Data excerpts
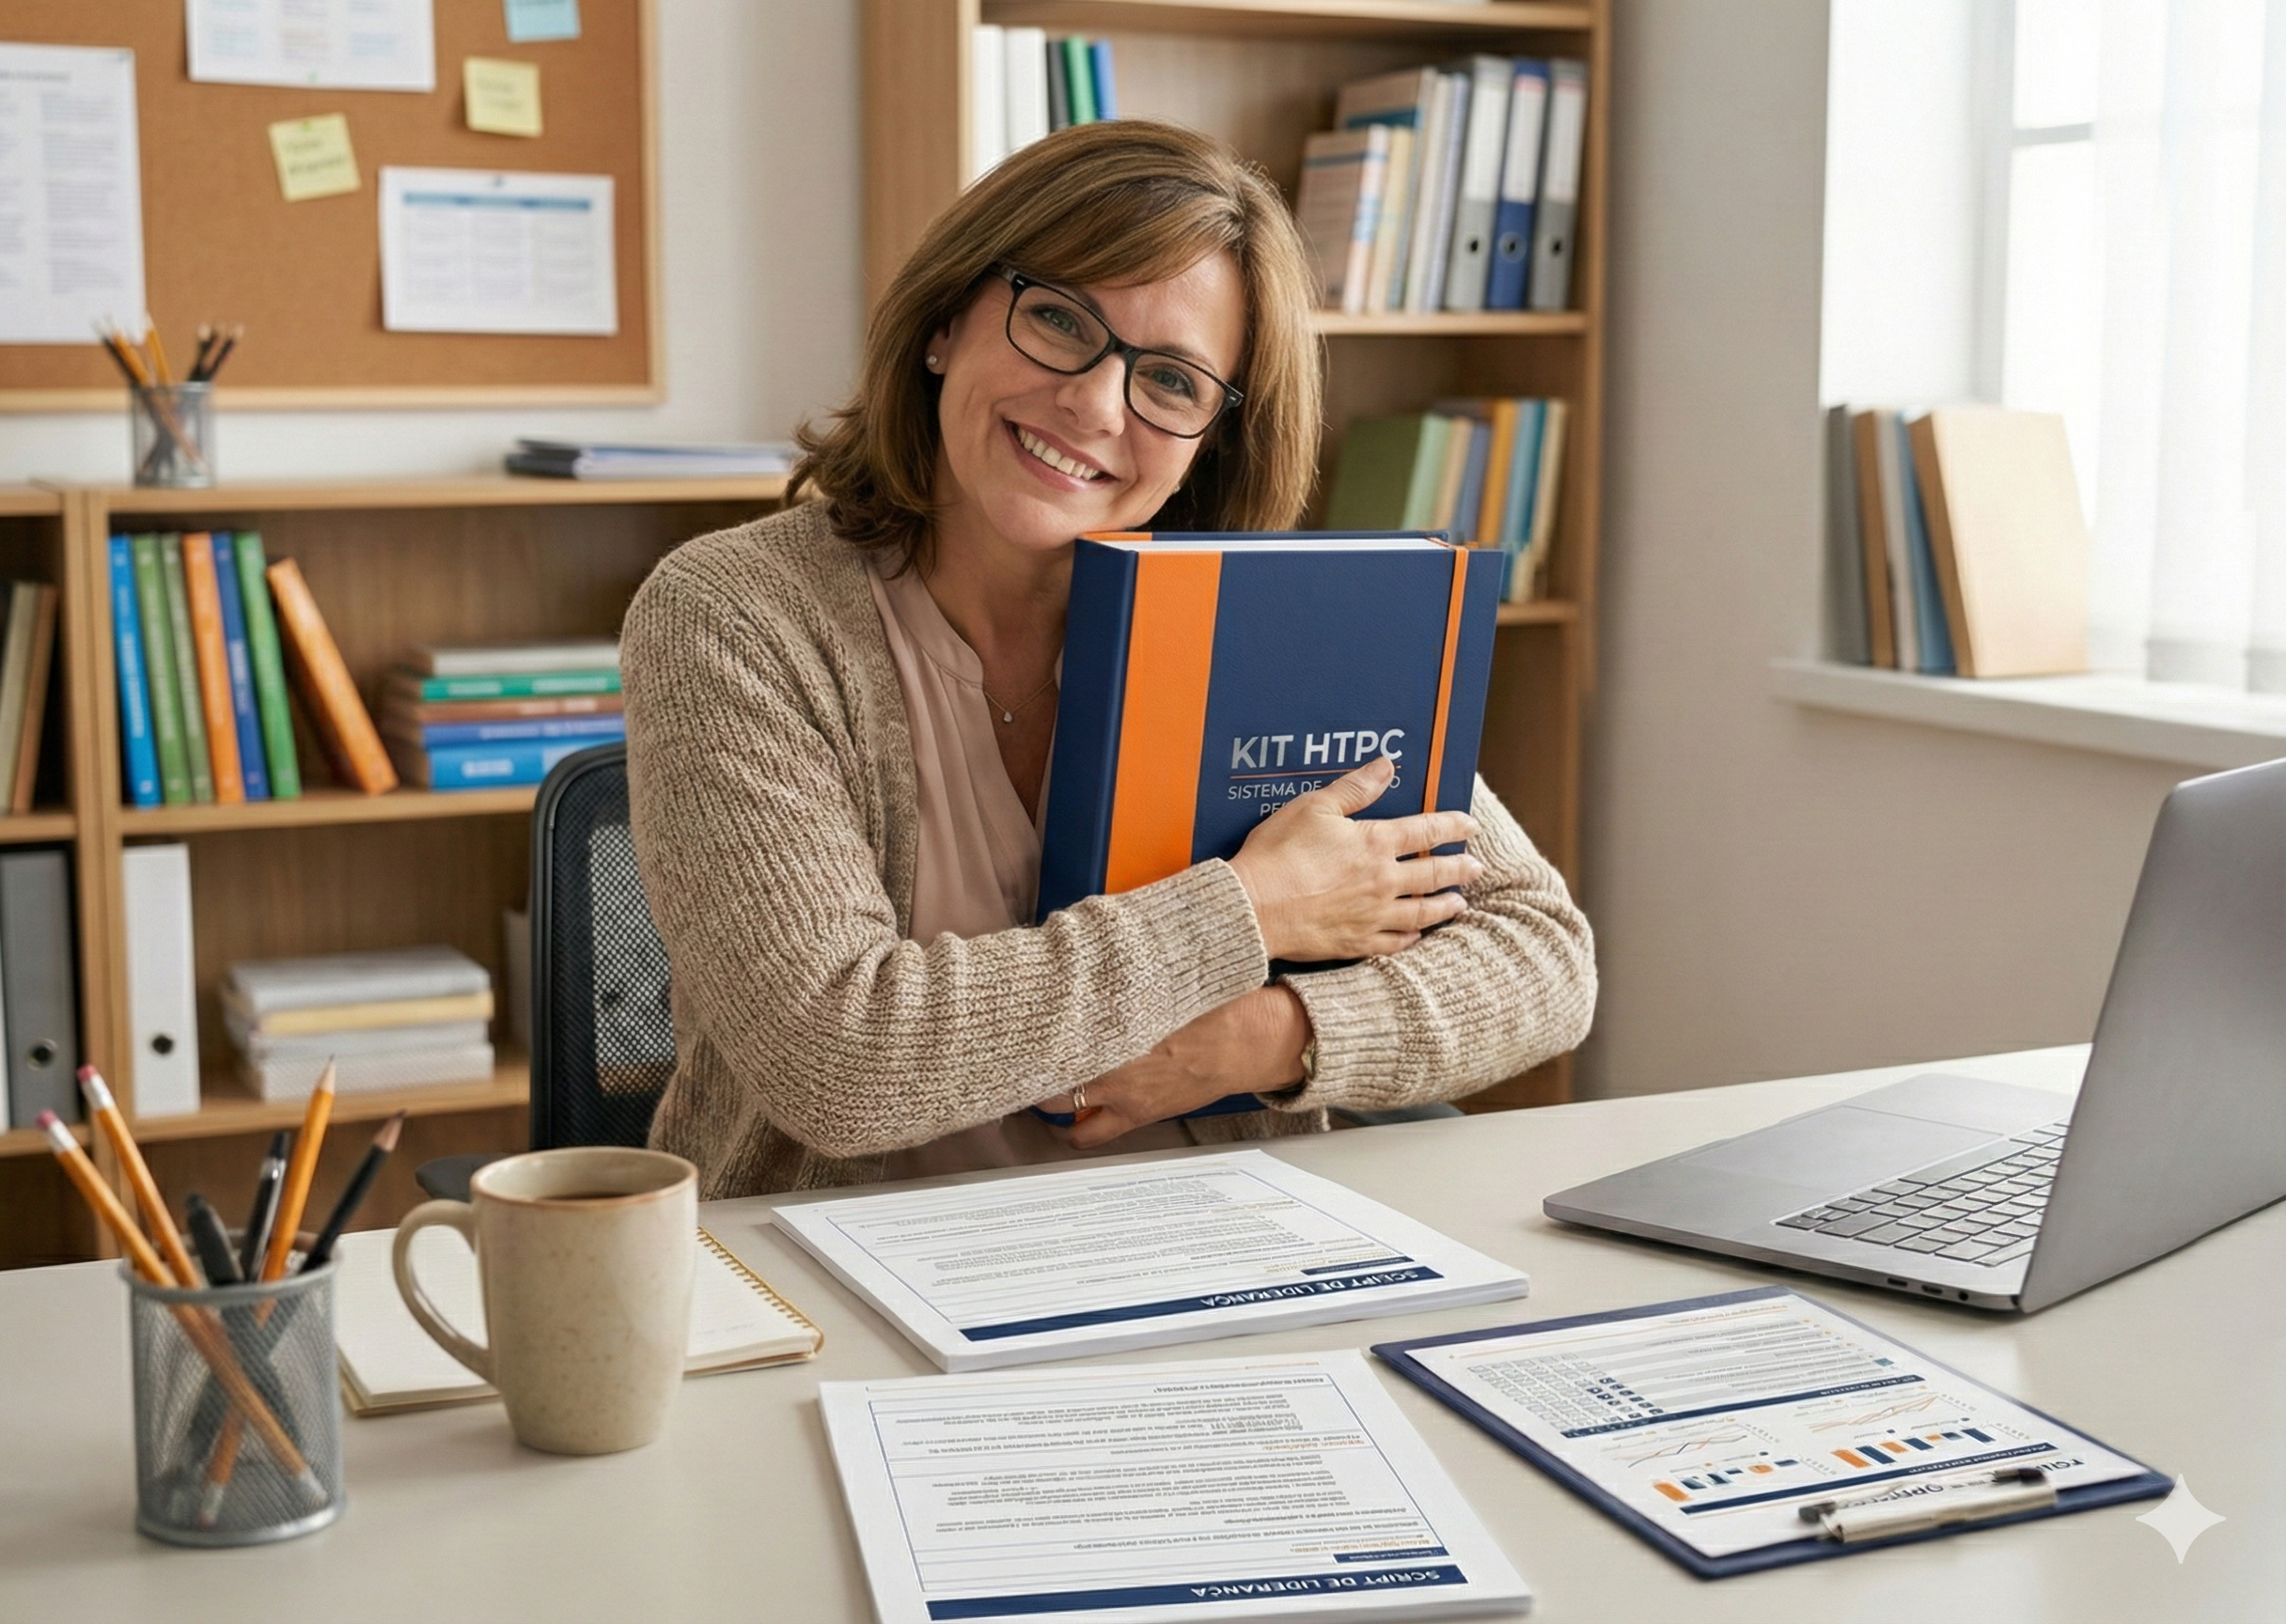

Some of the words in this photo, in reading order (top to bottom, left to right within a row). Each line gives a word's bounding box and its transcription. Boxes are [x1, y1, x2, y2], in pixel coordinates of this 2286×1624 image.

[1231, 735, 1293, 769] KIT
[1304, 728, 1405, 765] HTPC
[1228, 781, 1296, 800] SISTEMA
[1325, 1577, 1356, 1588] DE
[1364, 1570, 1441, 1585] SCRIPT
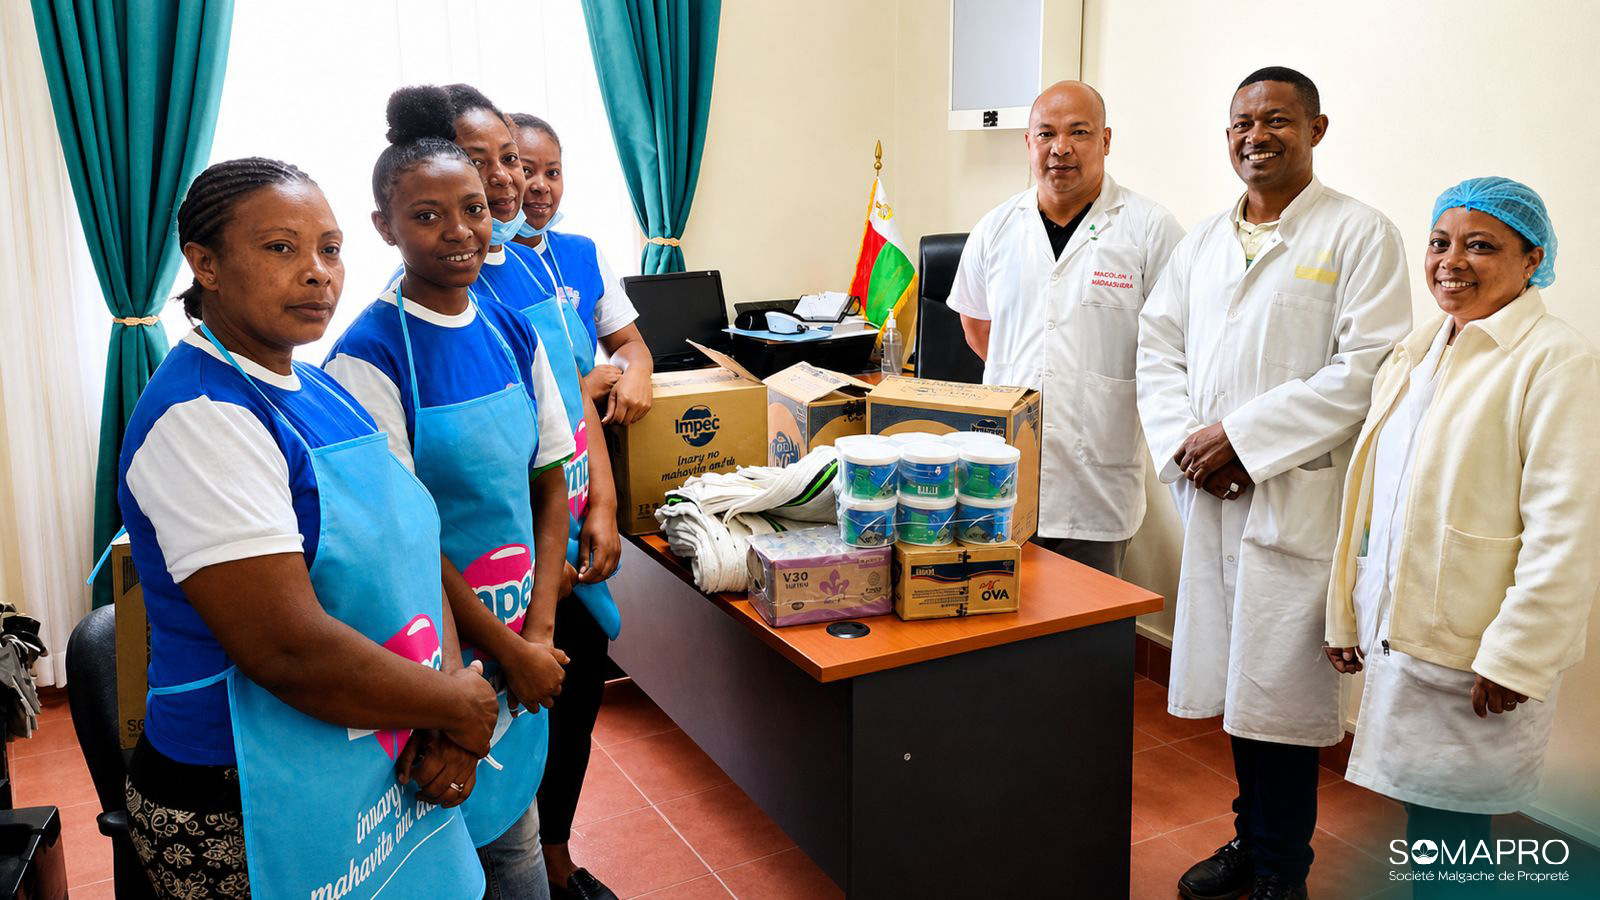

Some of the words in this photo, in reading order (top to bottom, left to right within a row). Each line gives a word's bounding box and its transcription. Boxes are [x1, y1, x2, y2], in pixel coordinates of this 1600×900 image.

[675, 417, 720, 437] Impec
[707, 450, 720, 460] no
[782, 571, 809, 583] V30
[981, 588, 1010, 601] OVA

**TRY IT**:
When you retype the records, keep every word exactly as written and exclude the pictures.

**EXPECTED OUTPUT**:
Some of the words in this photo, in reading order (top to bottom, left to right within a row). Each line gives a word's bounding box and its transcription. Boxes are [x1, y1, x2, y2], in pixel coordinates of this 2286×1624 image.

[1231, 735, 1293, 769] KIT
[1304, 728, 1405, 765] HTPC
[1228, 781, 1296, 800] SISTEMA
[1325, 1577, 1356, 1588] DE
[1364, 1570, 1441, 1585] SCRIPT

Some of the words in this photo, in reading order (top to bottom, left to right within a row). Each line gives a word's bounding box and its transcription. Boxes are [x1, y1, x2, y2], in pixel coordinates of this 1600×900 image.

[675, 417, 720, 437] Impec
[707, 450, 720, 460] no
[782, 571, 809, 583] V30
[981, 588, 1010, 601] OVA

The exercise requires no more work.